- SOURCE MATERIAL
——————

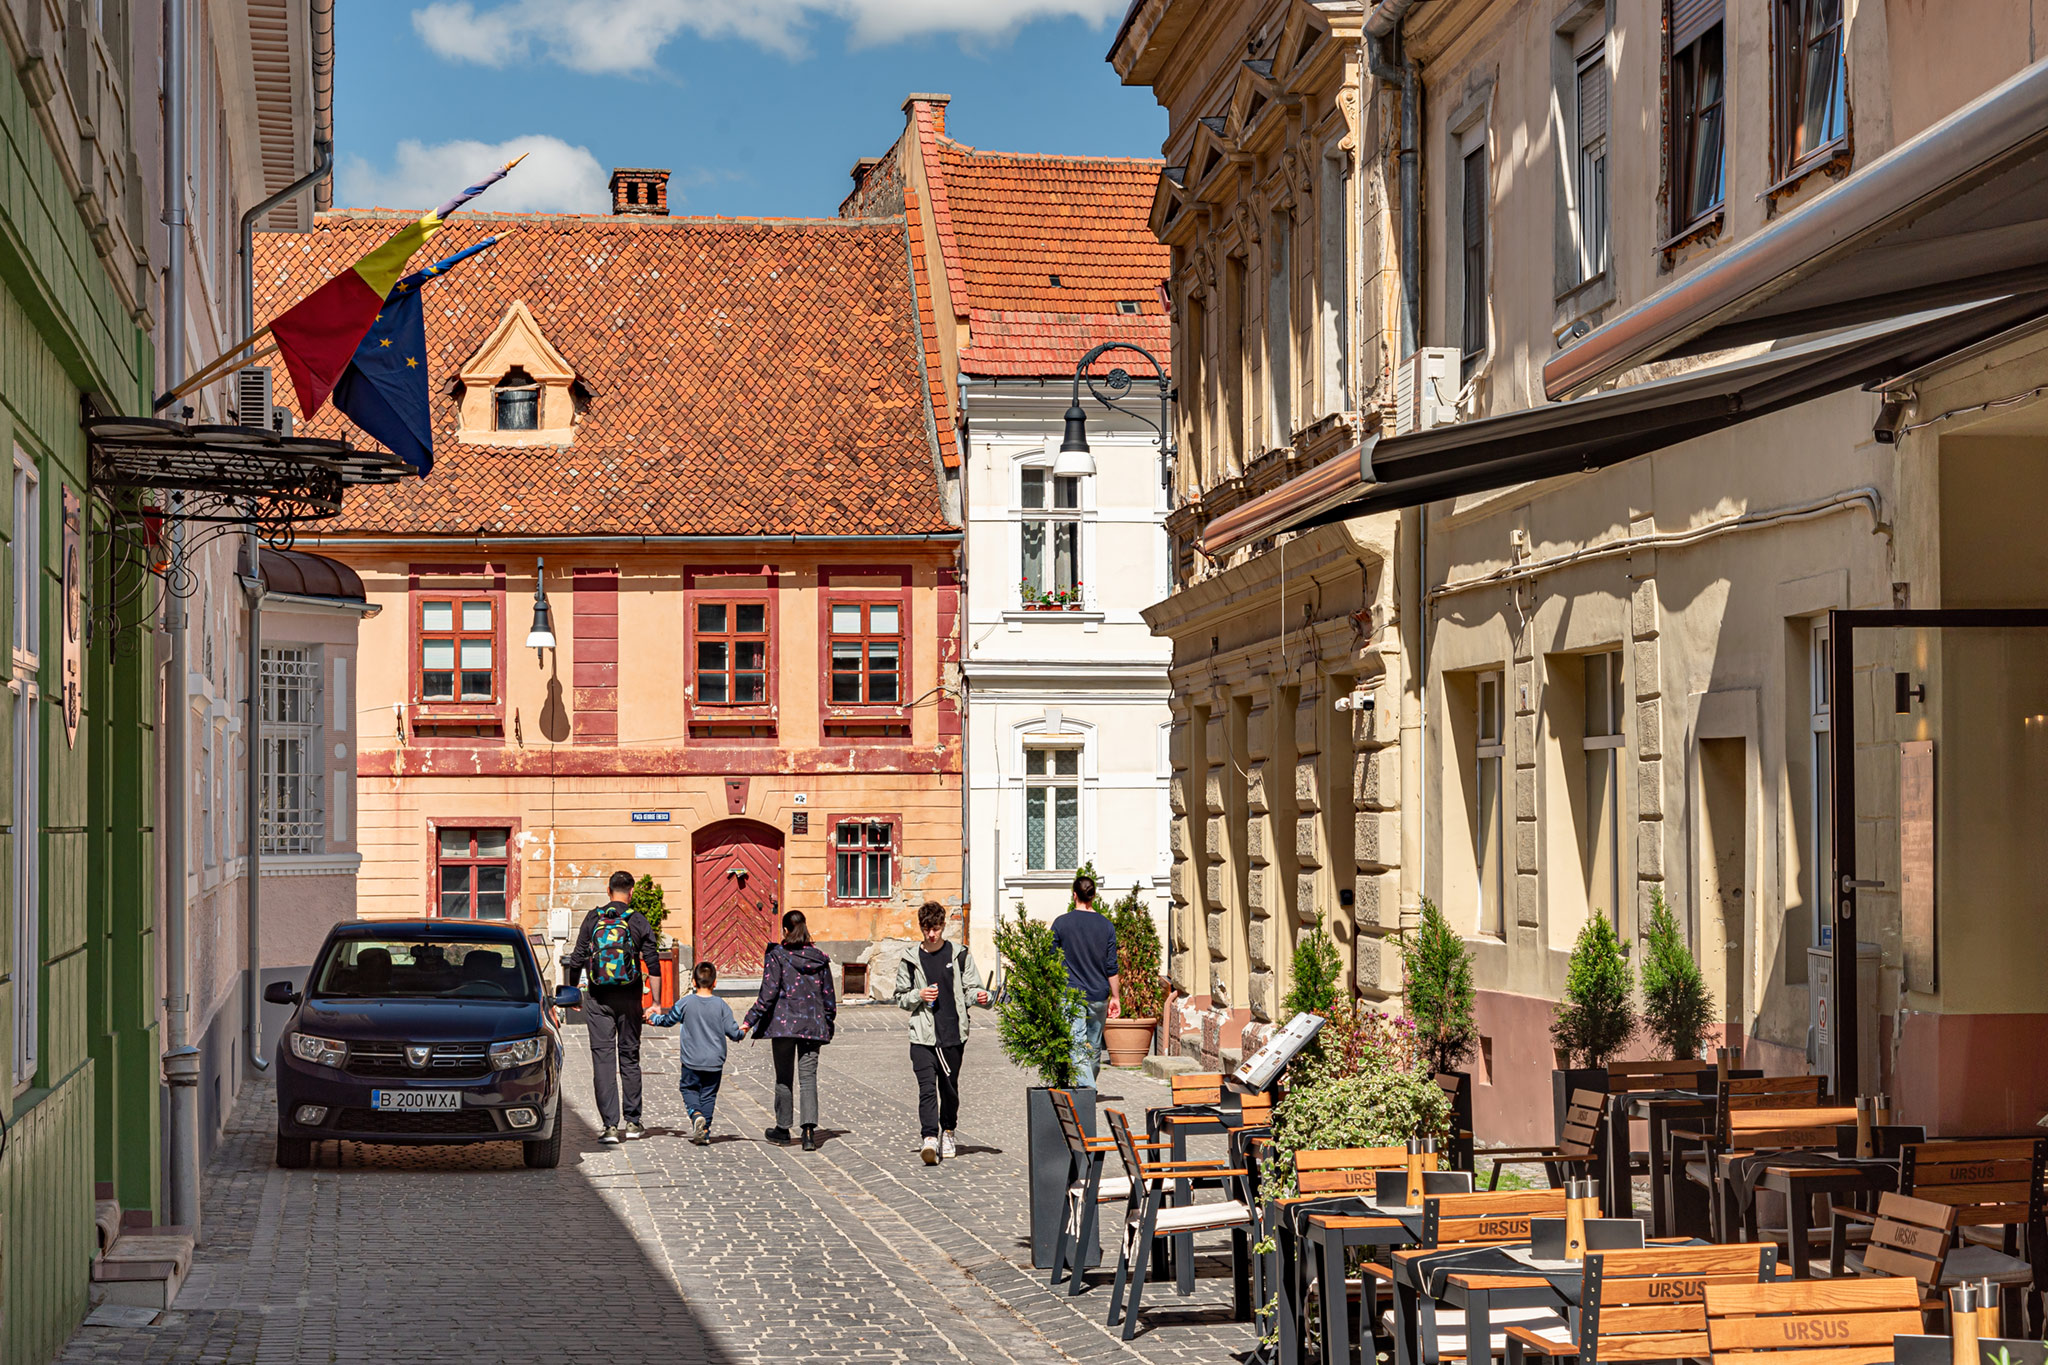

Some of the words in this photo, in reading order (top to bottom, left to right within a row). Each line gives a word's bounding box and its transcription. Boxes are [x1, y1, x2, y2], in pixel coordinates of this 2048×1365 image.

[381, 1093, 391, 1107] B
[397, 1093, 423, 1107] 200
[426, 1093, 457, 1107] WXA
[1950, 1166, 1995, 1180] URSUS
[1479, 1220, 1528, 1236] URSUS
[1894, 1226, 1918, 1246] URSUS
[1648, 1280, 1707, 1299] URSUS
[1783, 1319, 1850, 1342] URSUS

——————

- TASK ITEM
Return the full listing above verbatim, please, but without its images.

- OUTPUT BELOW
Some of the words in this photo, in reading order (top to bottom, left to right within a row). Each line gives a word's bounding box and its transcription. Boxes are [x1, y1, x2, y2], in pixel coordinates of this 2048×1365 image.

[381, 1093, 391, 1107] B
[397, 1093, 423, 1107] 200
[426, 1093, 457, 1107] WXA
[1950, 1166, 1995, 1180] URSUS
[1479, 1220, 1528, 1236] URSUS
[1894, 1226, 1918, 1246] URSUS
[1648, 1280, 1707, 1299] URSUS
[1783, 1319, 1850, 1342] URSUS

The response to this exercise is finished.